**TASK TO COMPLETE**:
Output every record exactly and leave each picture out.

Records excerpted from a collection
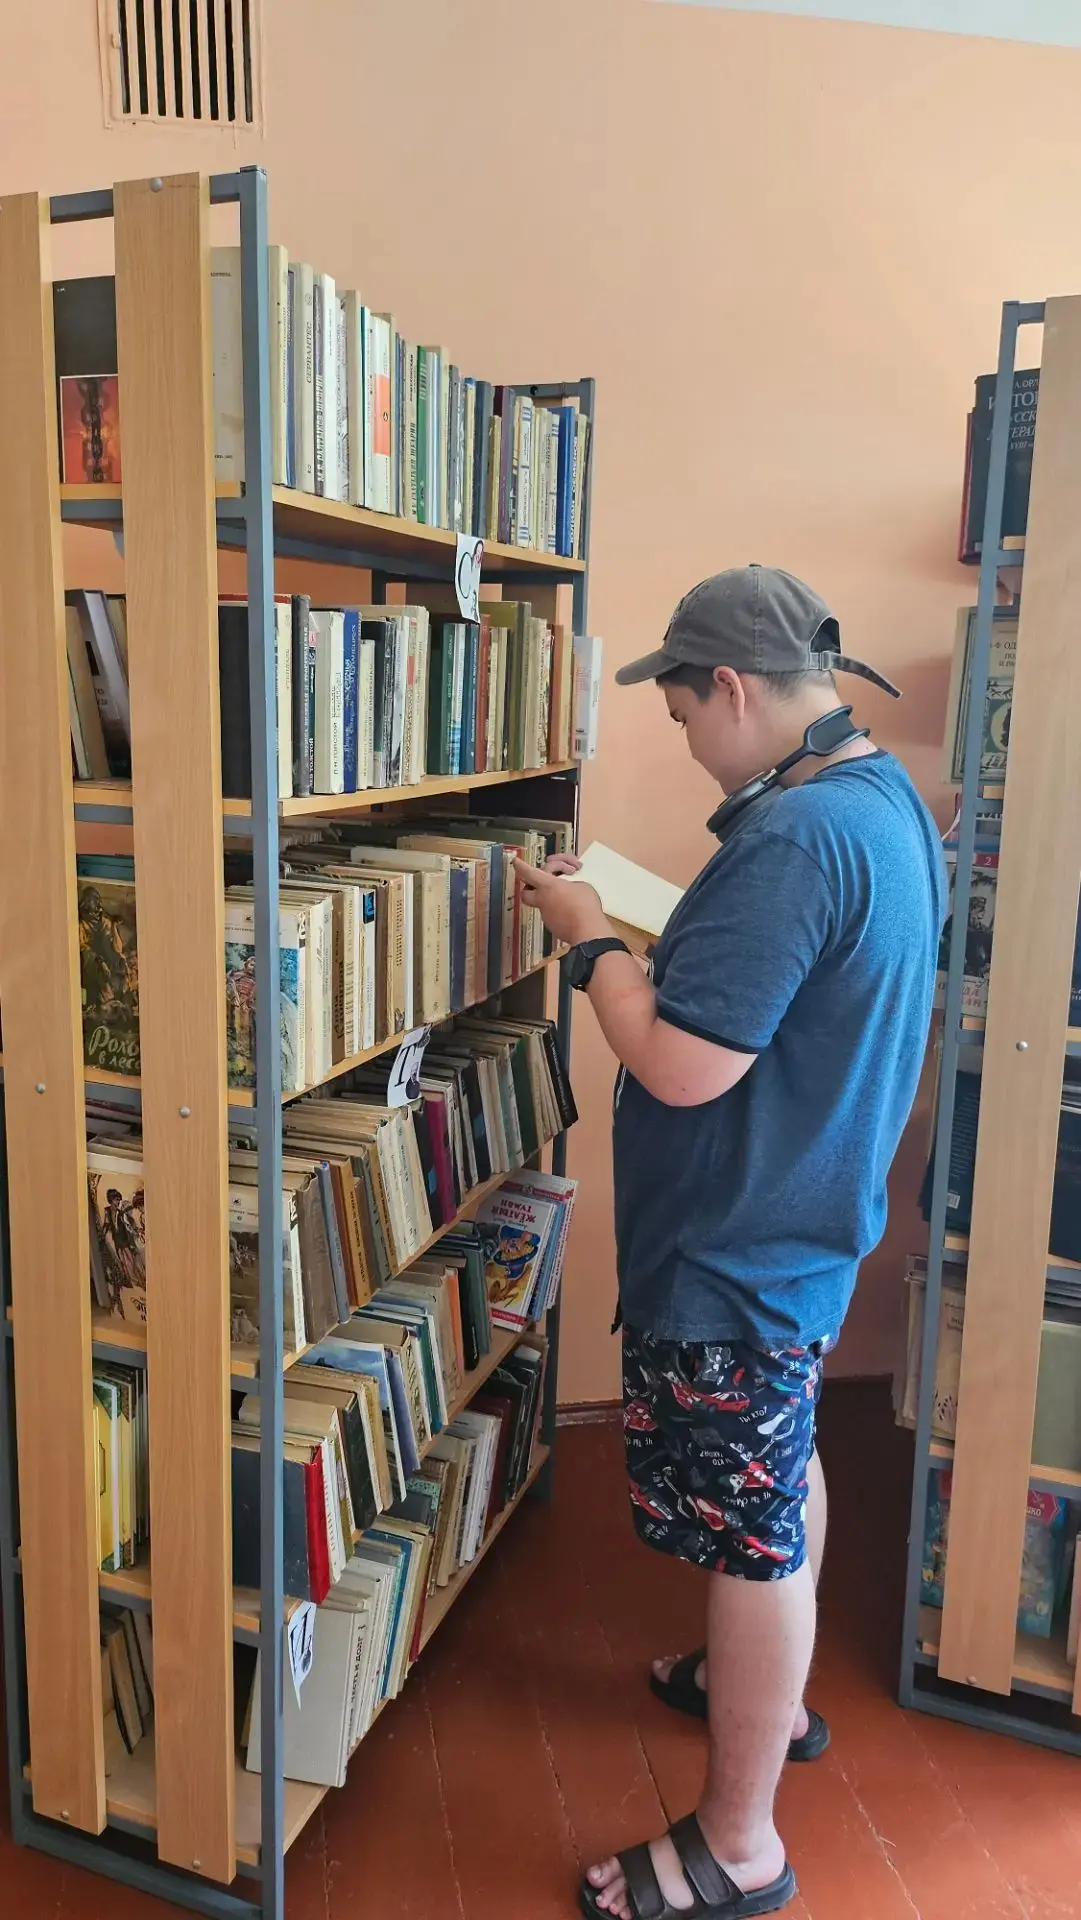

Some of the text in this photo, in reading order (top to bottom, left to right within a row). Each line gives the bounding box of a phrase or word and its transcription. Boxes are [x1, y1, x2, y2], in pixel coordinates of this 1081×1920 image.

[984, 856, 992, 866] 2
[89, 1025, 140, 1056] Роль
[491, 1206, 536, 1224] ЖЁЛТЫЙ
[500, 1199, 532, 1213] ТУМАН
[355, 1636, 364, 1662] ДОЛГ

**ANSWER TO THE PROBLEM**:
Some of the text in this photo, in reading order (top to bottom, left to right within a row). Each line gives the bounding box of a phrase or word and its transcription. Boxes are [x1, y1, x2, y2], in pixel coordinates of this 1081×1920 image.

[984, 856, 992, 866] 2
[89, 1025, 140, 1056] Роль
[491, 1206, 536, 1224] ЖЁЛТЫЙ
[500, 1199, 532, 1213] ТУМАН
[355, 1636, 364, 1662] ДОЛГ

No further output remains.